Y eso era un problema. Le había contado de sus amores platónicos de la televisión y sabía que a Taylor le gustaban los hombres, se acordaba de Sunhee y confirmaba que le gustaban las mujeres, eso aumentaba su pánico. Todos eran una amenaza. Cualquiera podía quitárselo. Tenía suficiente con las escuelas ocupando la atención de que quería solo para él.
¿Cómo no pensar en robarse su atención? Le sonreía emocionado, como sólo él podía, con esa sonrisa de actor de comedia romántica que pocas veces dejaba ver y sus ojos de niño bueno, perdidos, lo sentía eufórico al reírse y responder a sus bromas sugerentes. Derramó por accidente un poco de cerveza en el auto, lo que significaba que a la séptima comenzaría a descuidar sus acciones.
No pudo evitarlo, tomó su cámara y le sacó una fotografía que se mojó cuando Taylor quiso quitársela.
La ovación se escuchaba con fuerza y April se resistía a dejarlo solo, pero, debía apresurar el paso a la tortura que representaba para él ir a esos partidos. Sufría tanto que se llevó una cerveza con él y su cámara cuando se bajó del auto. Le pidió que lo esperaba, dijo que volvería enseguida, aunque sabía que esa afirmación era flexible.
Llegó hasta el graderío de la tribuna. Iban ganando.
Los señores Kim nunca faltaban al trabajo y aun así estaban ahí para ver a Sean. El hombre de ropa cara con aura de citadino y su carpeta en la mano que seguía a Sean con la mirada por todo el campo debía ser el reclutador. Sonrió al verlo aplaudir. Su expresión se mantenía seria, pero esos micro exaltes que veía en su pecho entre jugadas eran suficiente motivo para que April supiera que estaba interesado.
Las cosas no cambiaban. Sean creía que era un buen beisbolista. April no lo creía: lo sabía.

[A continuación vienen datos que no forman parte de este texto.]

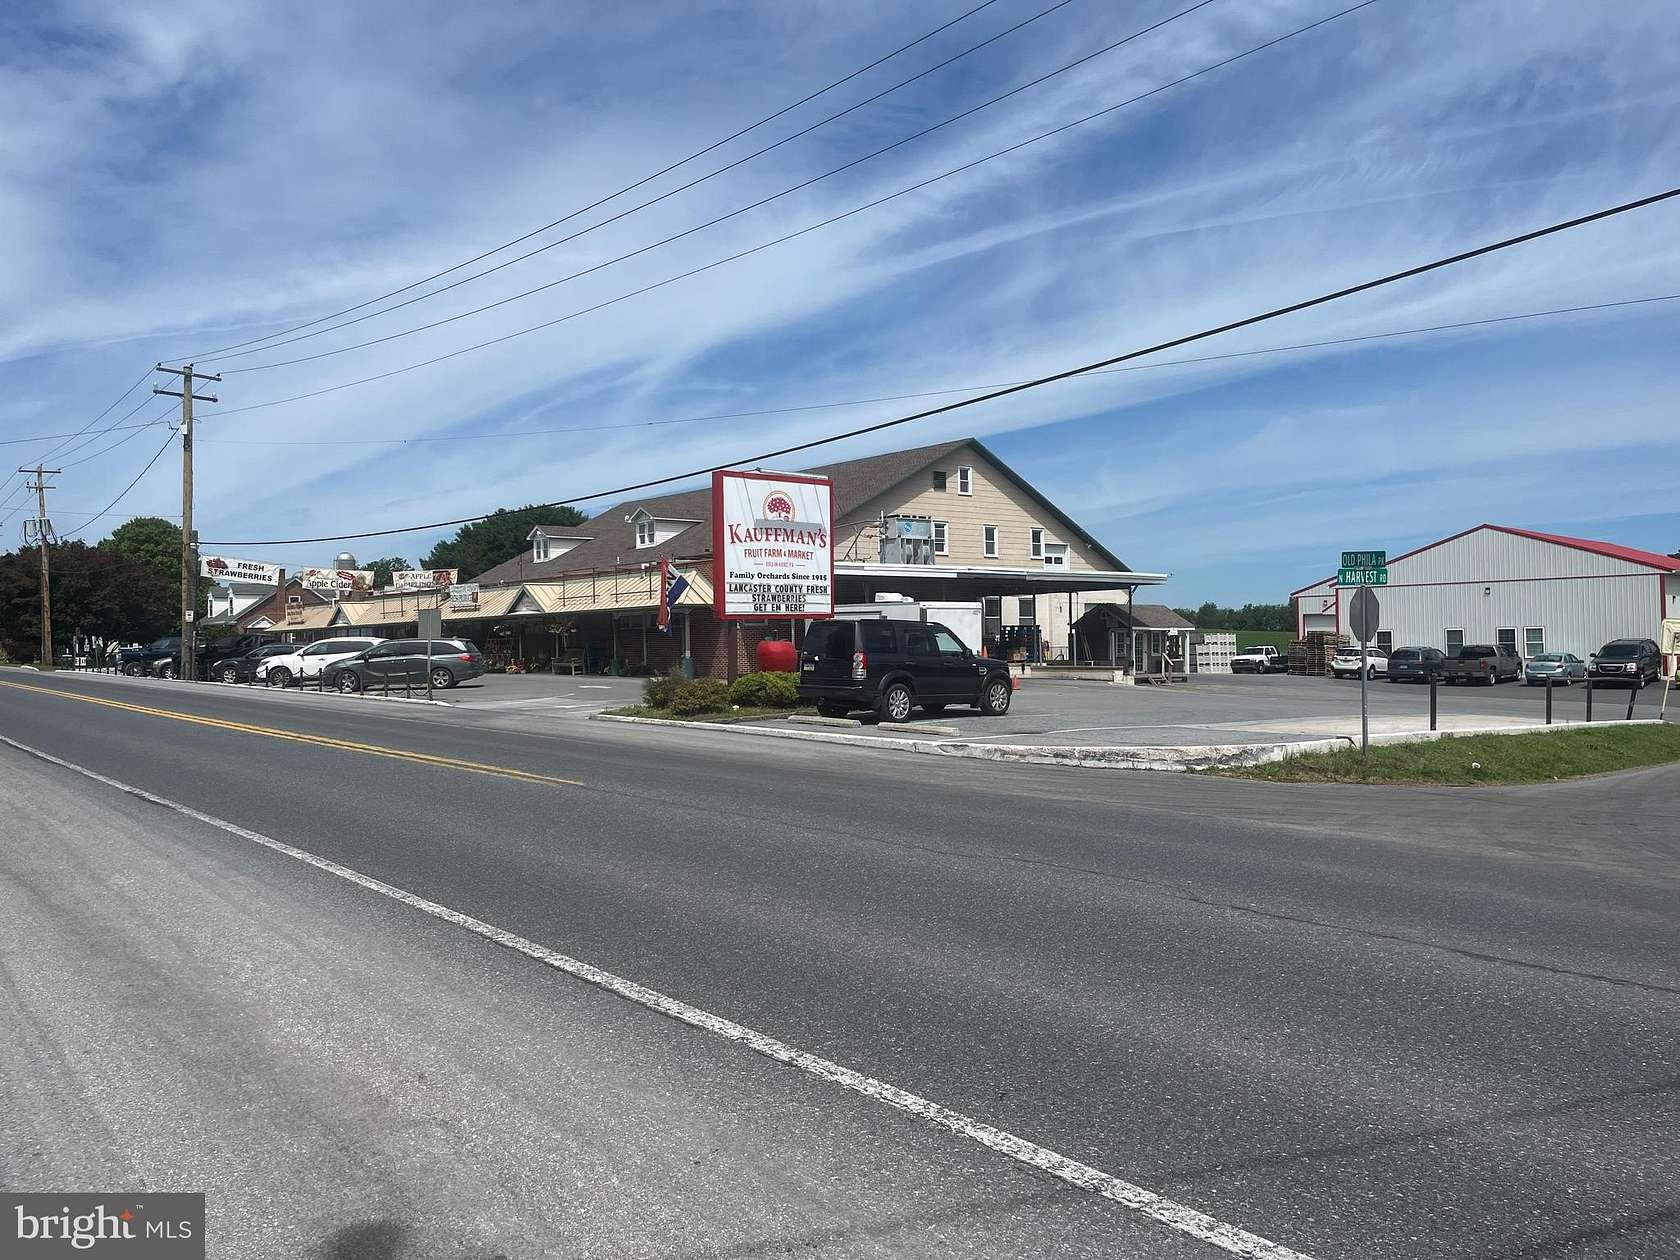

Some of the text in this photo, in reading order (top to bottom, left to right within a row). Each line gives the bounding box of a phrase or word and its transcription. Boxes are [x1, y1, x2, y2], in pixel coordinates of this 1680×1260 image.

[728, 523, 827, 549] KAUFFMAN'S
[744, 549, 763, 558] FRUIT
[764, 549, 782, 558] FARM
[787, 549, 814, 560] MARKET
[1343, 554, 1355, 566] OLD
[1357, 554, 1376, 566] PHILA
[237, 562, 265, 572] FRESH
[207, 567, 273, 582] STRAWBERRIES
[729, 571, 755, 580] Family
[757, 572, 790, 580] Orchards
[1339, 574, 1343, 583] N
[1345, 571, 1377, 583] HARVEST
[308, 579, 352, 589] Apple Cider
[729, 583, 828, 594] LANCASTER COUNTY FRESH
[752, 593, 807, 603] STRAWBERRIES
[753, 603, 805, 612] GET EM HERE!

Eso no era lo que le interesaba. Sunhee no se había quedado ahí para apoyarlo. Creyó verla detrás de la tribuna al otro extremo porque reconocería ese suéter en cualquier lugar, el de Grace, pero al fijarse mejor ya no estaba. Eso lo complació.
Al fin encontró a su padre entre la multitud de los locales y se acercó a dejarle su billetera, pero no pudo sentarse a su lado ni por un momento. La afición se levantó, aclamaban, la pelota casi había salido del campo, lo que le daba tiempo a Sean, su bateador, de intentar correr todas las bases en una sola carrera mientras sus oponentes intentaban atraparla. April le tomó una fotografía a Sean en el campo—que guardó con la otra en su bolsillo—cuando se deslizó un poco sobre la tierra.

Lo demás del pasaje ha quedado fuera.